I've been following a line of posts at Pineapple Girl: Melee on the topic of Manners, Geographical -- how people from the South act differently from those damn Yankees from places like New York. I'm developing a real liking for Pineapple Girl that I'm cultivating slowly, but this inspired me to send her the following.
I've been enjoying the back-and-forth conversation on Southern Manners, and thought I'd toss in my two cents. You might have a door you want to penny-wedge.

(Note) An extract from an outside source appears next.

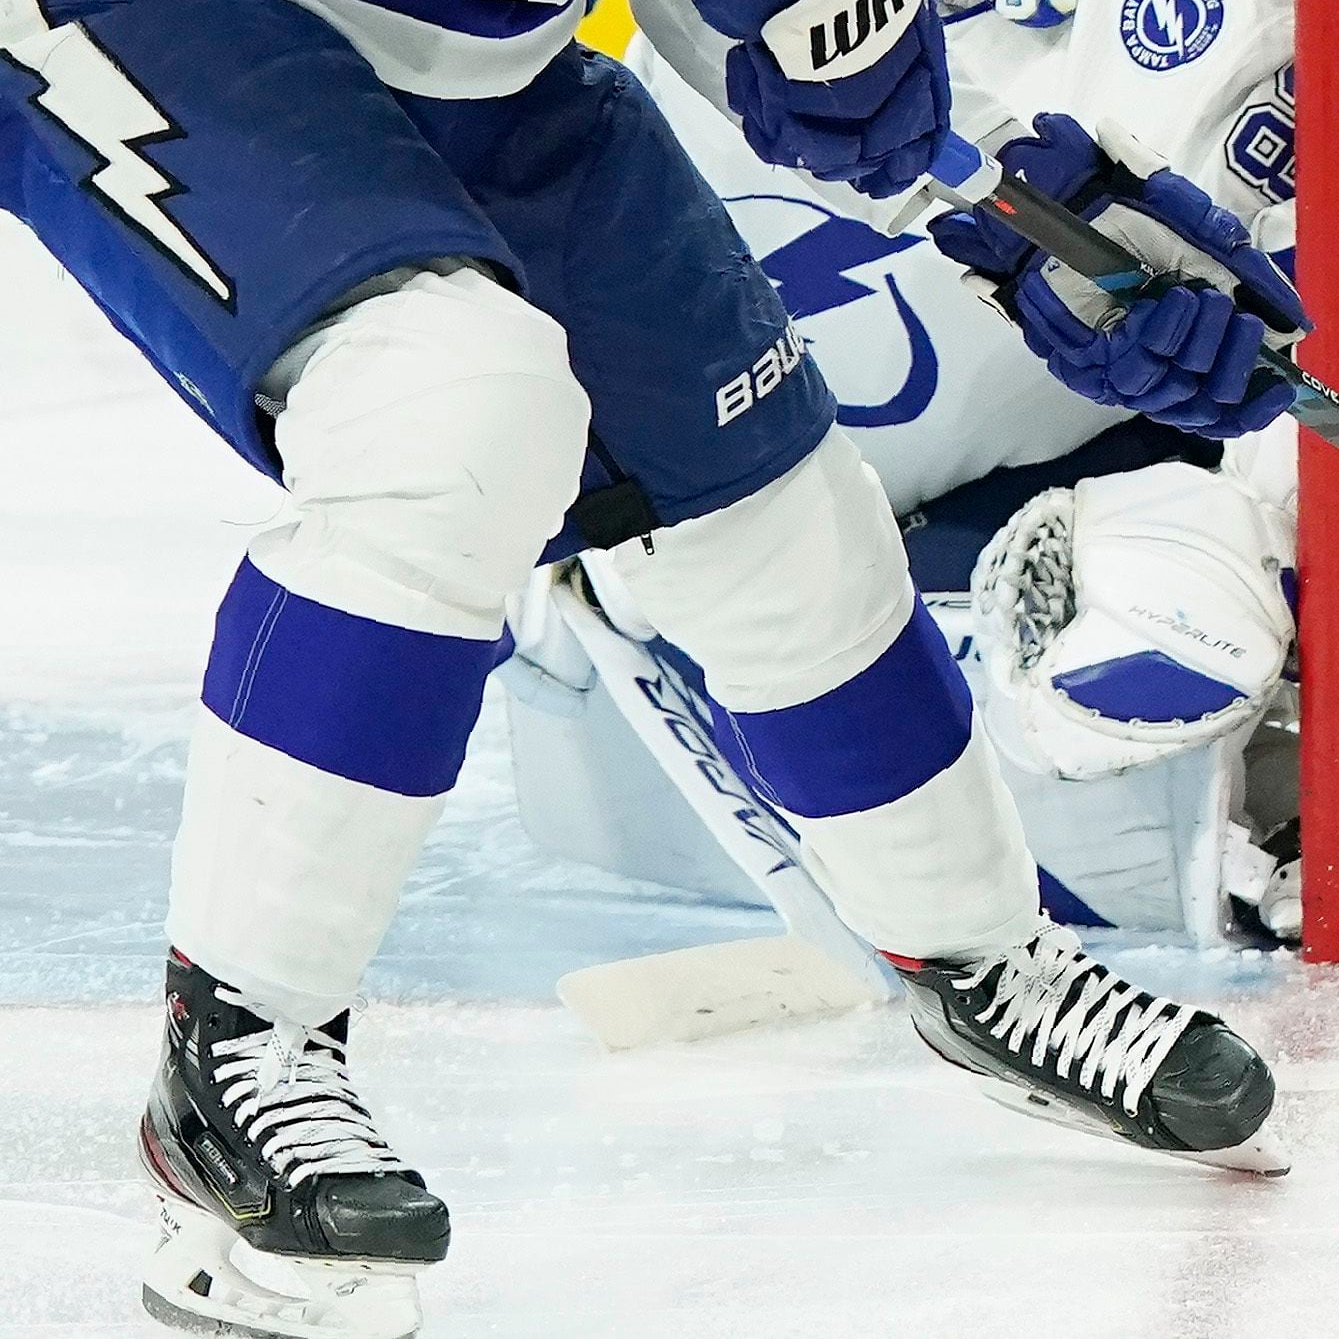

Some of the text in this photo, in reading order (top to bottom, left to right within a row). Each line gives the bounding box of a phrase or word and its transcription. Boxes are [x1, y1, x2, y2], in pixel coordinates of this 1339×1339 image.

[1126, 34, 1169, 67] TAMPA
[1129, 605, 1248, 658] HYPERLITE
[634, 676, 798, 875] VAPOR

I live in Florida. Central Florida, not too far from Disney. I was born here (before Disney) and grew up here, with frequent visits to the Ashville NC area. Central Florida, however, is not really The South, despite geographic evidence. It is Ohio and Pennsylvannia and Quebec and several Latin American countries and some parts of Asia. Having so many theme parks move in to what was once cattle ranches and citrus groves does make for some interesting exchanges. I've gotten to observe a lot of different types of manners. Years of such observation have led me to conclusions thusly:
Brazilians are the nicest, most polite people individually or in pairs, but are herds of maurauding cattle in large groups following a tourguide flag. I'm talking about being actually run over. Foot prints on your head.
People on vacation feel highly entitled. THEY are on vacation. YOU, who live in the area, are obviously supposed to cater to THEM. Even if you don't work in the place where they are waiting to be served.
Being native to the area means you are supposed to be up-to-date on the housing market for at least a four county area. You should be able to reel off important details such as distances to shopping and local activities for seniors while waiting in line to pick up your lunch. Wearing a gold monogrammed blazer and earning a commission is irrelevant. Don't you LIVE here?
You have to know SOMEONE who works at (theme park) who would be willing to wait at the gate to sign in a total stranger for free/give them discount tickets/sneak them in the back way. You'll do this because you are Southern and therefore bound by oath to display Southern Hospitality.
No matter how pure your elocution, how dulcet your voice, how careful your pronounciation, or how cultured your tones, you will still be told you "talk like a redneck", "have the Deepest Southern Accent" (in an characature Southern Accent), or speak "All Southern Fried" and they can't understand a word you are saying. You are not allowed to smack these people across the mouth. People from Texas, Alabama, Mississippi, or the Florida Panhandle area will ask if you are from Ohio.